We now know that the police can use drug-detection dogs outside cars without a warrant, but not within the curtilage of a person’s home. Clear enough. But what if the suspect doesn’t own his residence? What if the owner of an apartment building gives an officer consent to walk down the halls of the building with his drug-sniffing dog? This would not physically invade the apartment-dweller’s property, meaning the reasoning of Jardines and Jones probably wouldn’t apply. But it might invade the person’s “reasonable expectation of privacy,” and therefore constitute a search under the Katz test.

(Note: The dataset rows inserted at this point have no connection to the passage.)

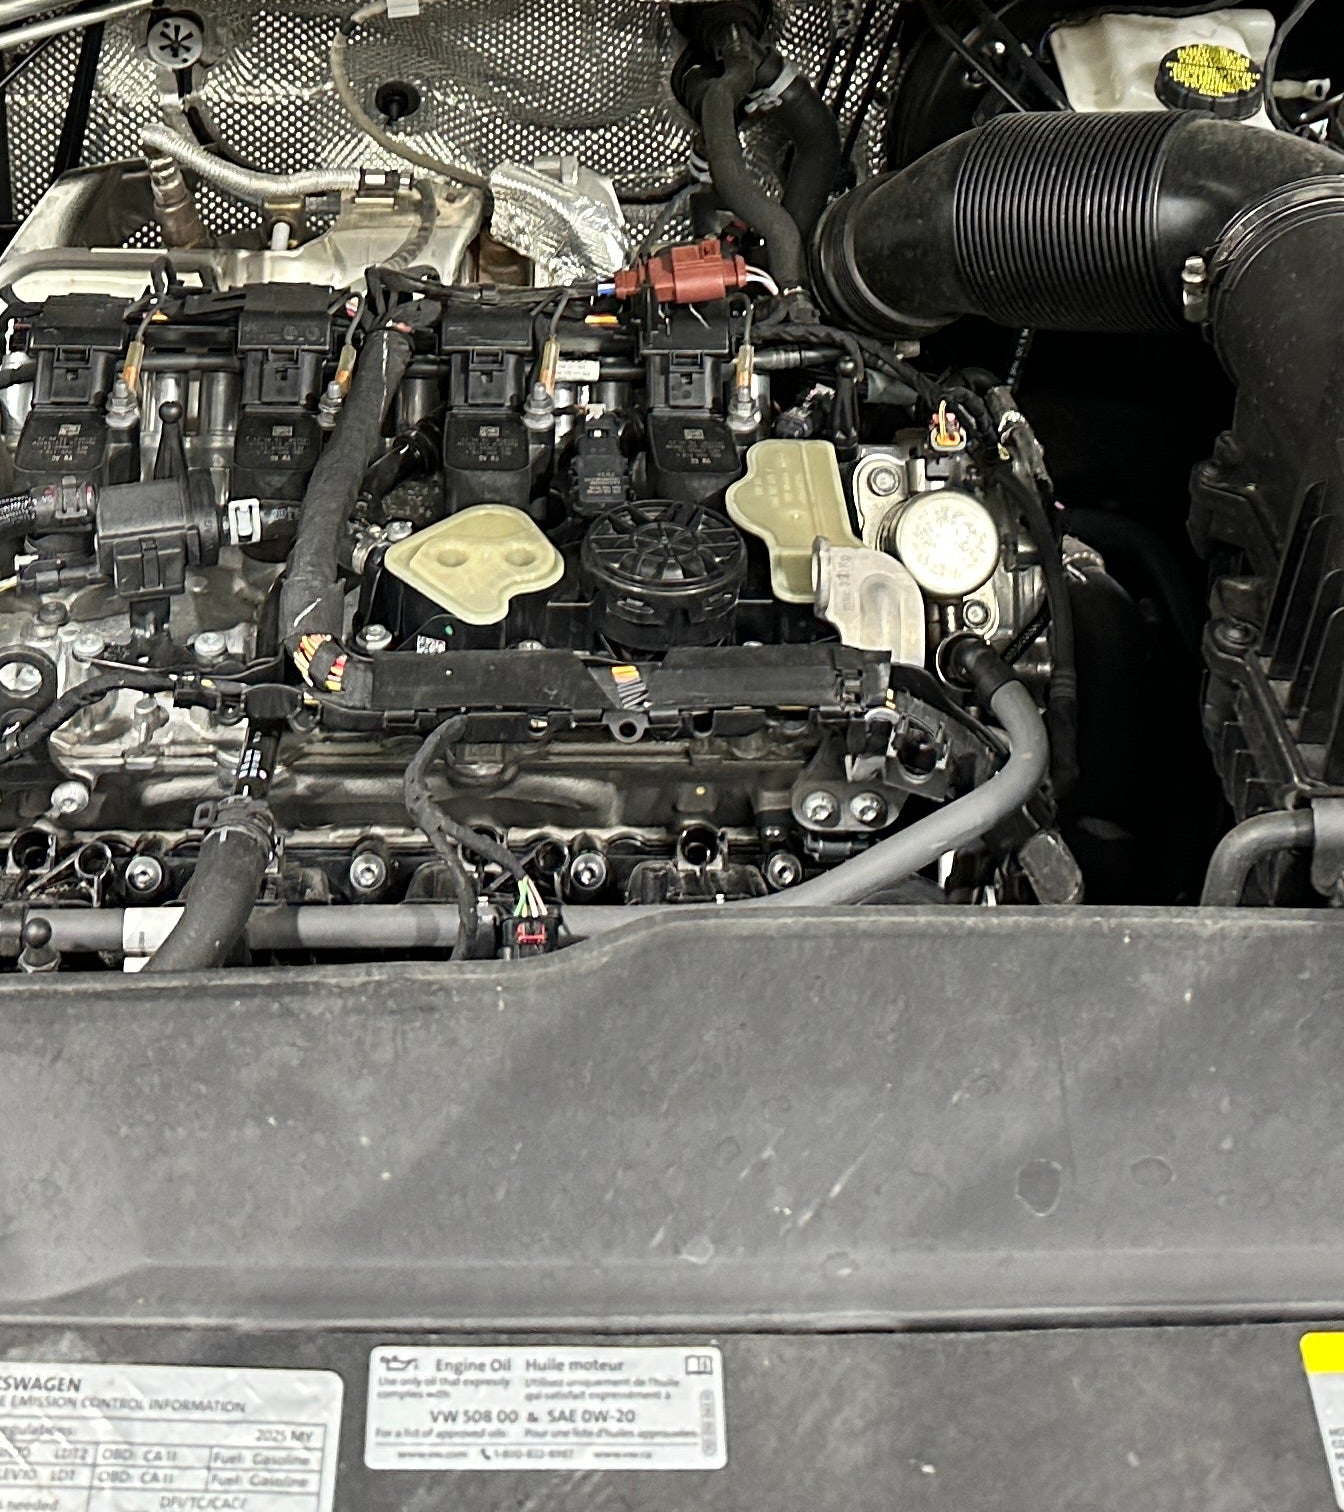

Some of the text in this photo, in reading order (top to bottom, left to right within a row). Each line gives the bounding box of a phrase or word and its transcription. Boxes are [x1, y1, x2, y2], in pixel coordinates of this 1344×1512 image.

[436, 1358, 512, 1376] Engine Oil
[526, 1358, 624, 1372] Huile moteur
[11, 1394, 76, 1409] EMISSION
[82, 1396, 144, 1410] CONTROL
[150, 1398, 246, 1413] INFORMATION
[430, 1410, 458, 1423] VW
[464, 1410, 492, 1423] 508
[497, 1410, 518, 1423] 00
[527, 1412, 538, 1422] &
[547, 1410, 576, 1423] SAE
[256, 1429, 287, 1442] 2025
[290, 1430, 313, 1442] MY
[253, 1453, 310, 1466] Gasoline
[250, 1475, 308, 1488] Gasoline
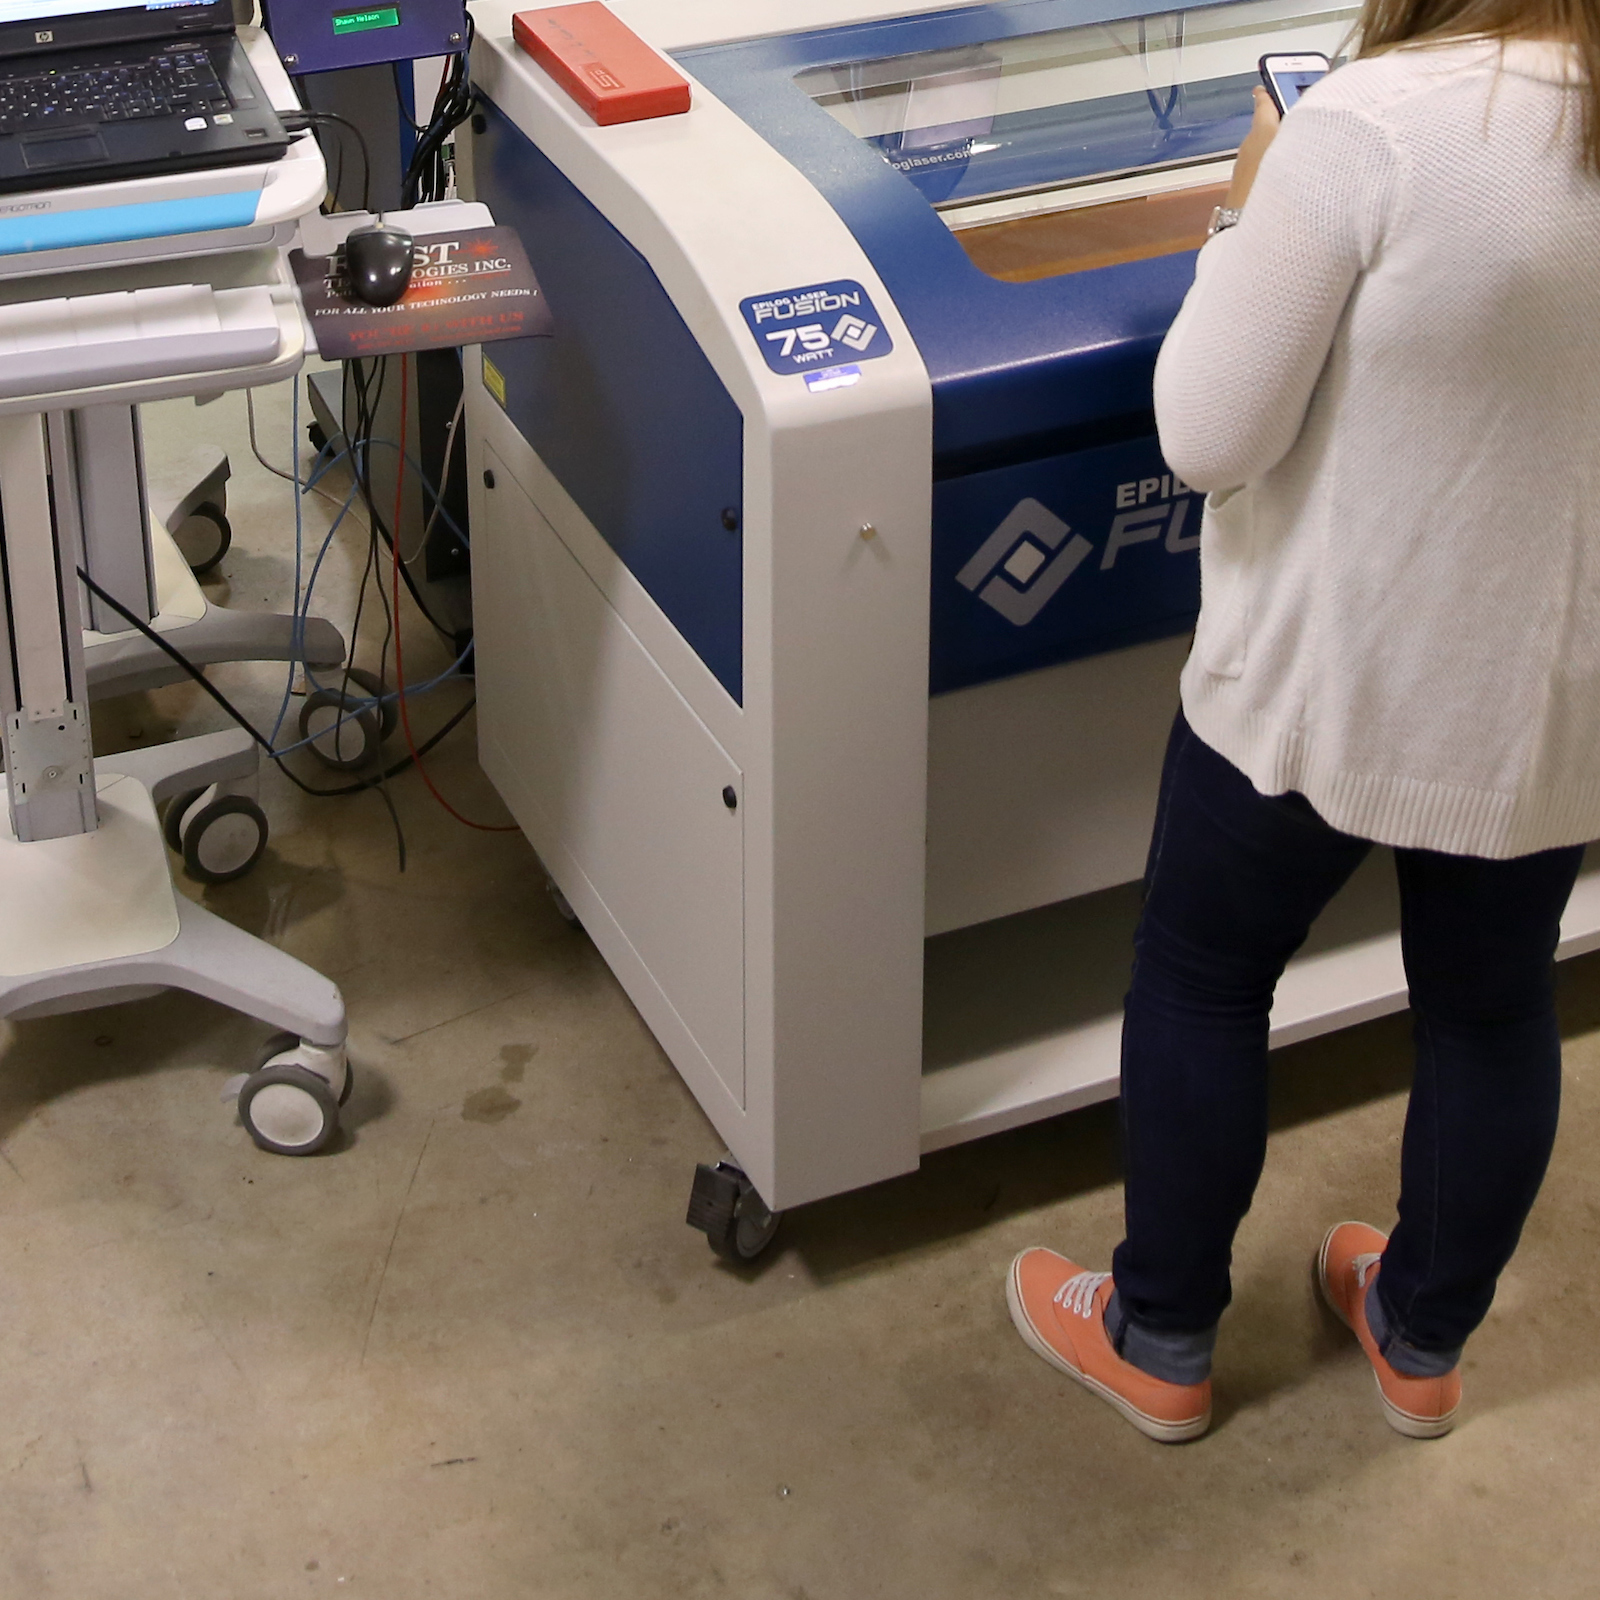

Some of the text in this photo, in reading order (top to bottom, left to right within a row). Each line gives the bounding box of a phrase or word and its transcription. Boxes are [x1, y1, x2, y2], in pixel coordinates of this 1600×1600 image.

[474, 257, 512, 272] INC.
[315, 307, 340, 317] FOR
[343, 306, 367, 315] ALL
[371, 303, 406, 314] YOUR
[409, 293, 488, 309] TECHNOLOGY
[490, 288, 531, 298] NEEDS
[751, 290, 829, 311] EPILOG LASER
[754, 291, 861, 324] FUSION
[765, 323, 831, 357] 75
[792, 347, 835, 364] WATT
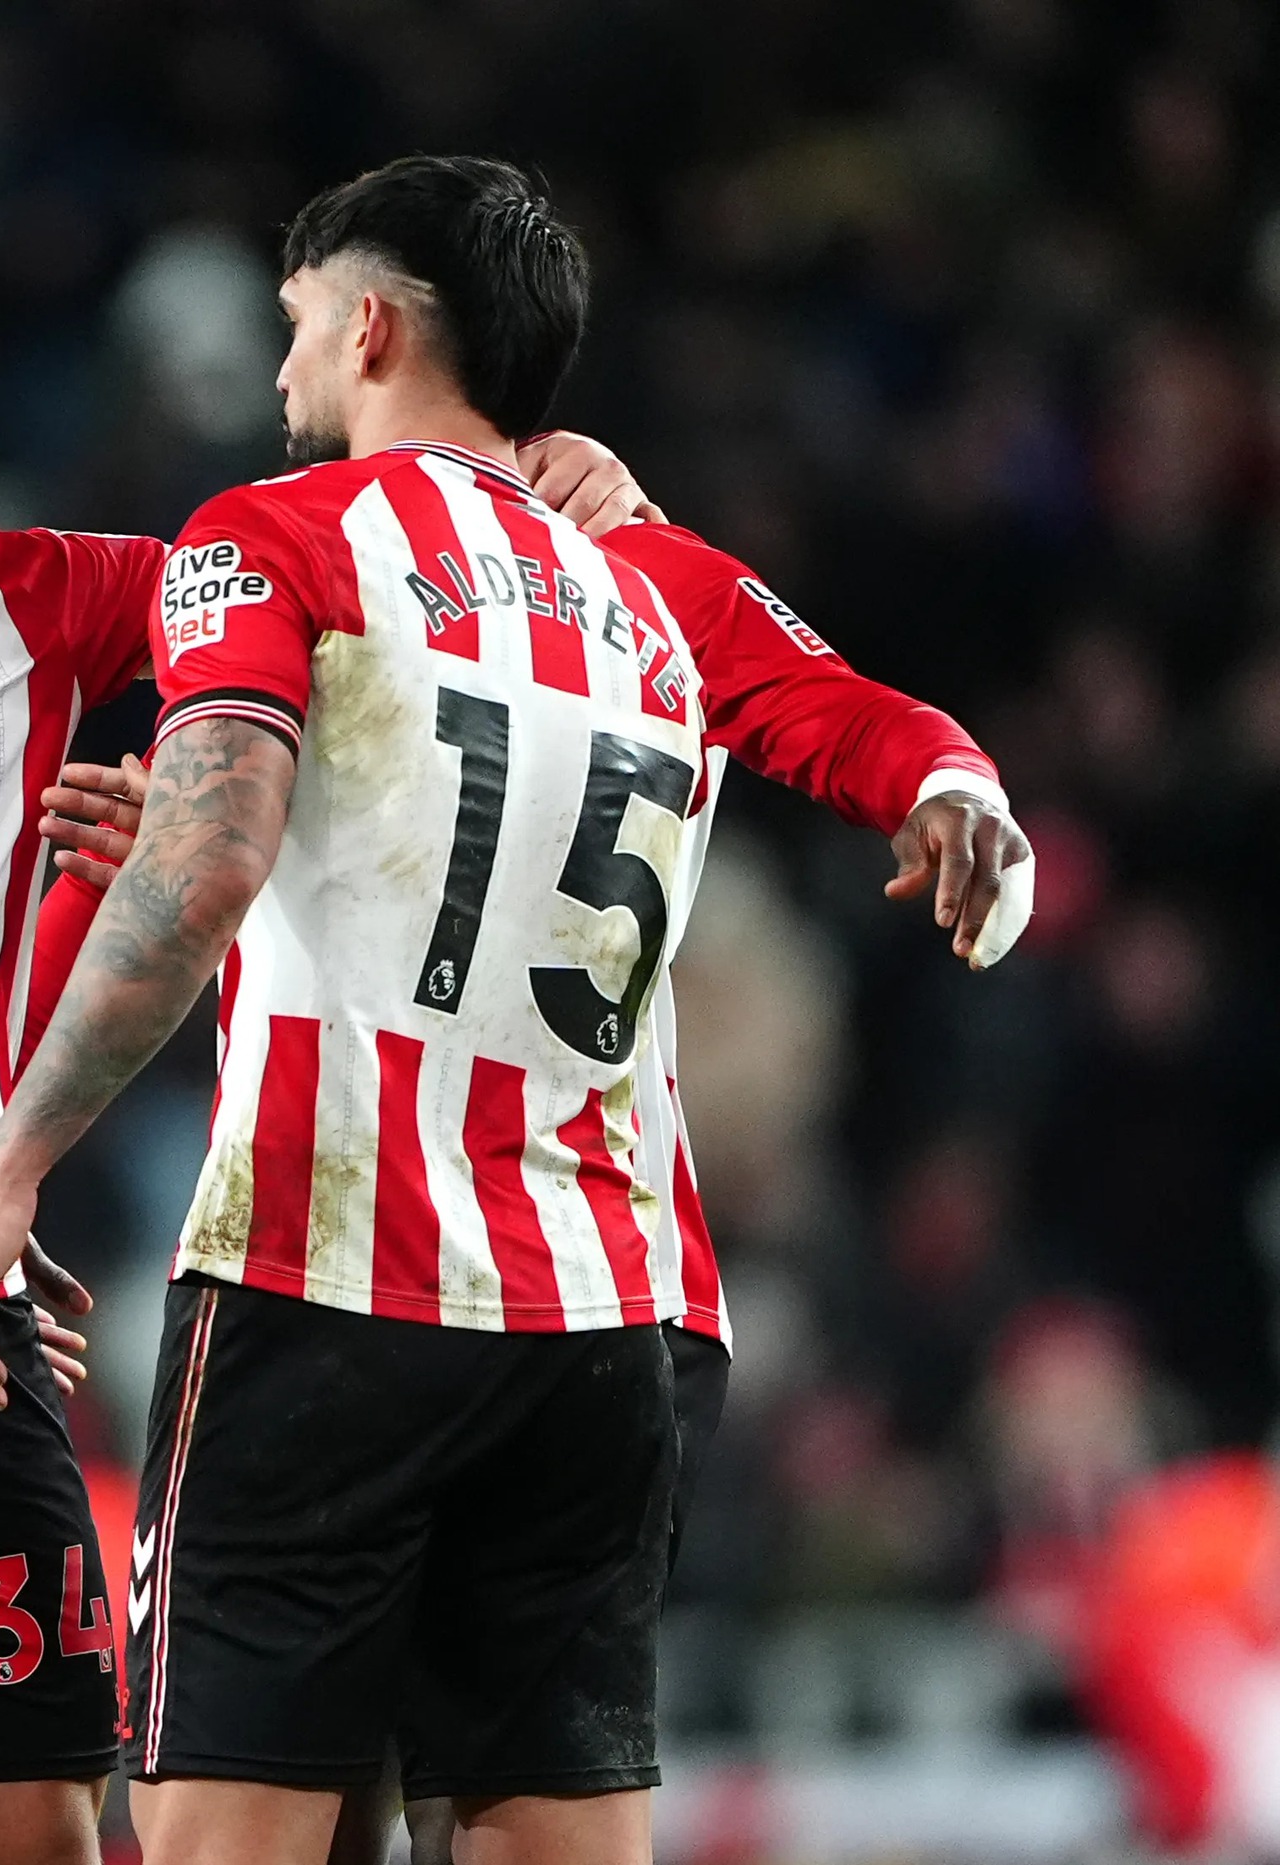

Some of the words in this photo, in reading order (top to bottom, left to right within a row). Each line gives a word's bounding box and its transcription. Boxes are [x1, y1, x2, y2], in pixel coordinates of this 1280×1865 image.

Another open question is what other actions police officers may not take outside the front door of a suspect’s home. The Court in Jardines criticized the dissent for “let[ting] the police do whatever they want by way of gathering evidence . . . so long as they ‘stick to the path that is typically used to approach a front door, such as a paved walkway.’ From that vantage point they can presumably peer into the house through binoculars with impunity. That is not the law, as even the State concedes” (internal citation omitted). So, officers cannot walk up to the front door and peer into the kitchen window with binoculars. Can they walk up to the front door and investigate to their heart’s content so long as they don’t use any sense-enhancing technology? The Court says that “no one is impliedly invited to enter the protected premises of the home in order to do nothing but conduct a search.” Does this mean officers are permitted only to knock on the door to speak with residents? Future cases will likely narrow the scope of the Court’s dicta, but only time will tell.
Now it’s on to the 2013 Supreme Court Term, where the Court already is slated to address, among other things, abortion, affirmative action, the Establishment Clause â”€ all cases that will resolve questions left open in opinions from prior Terms.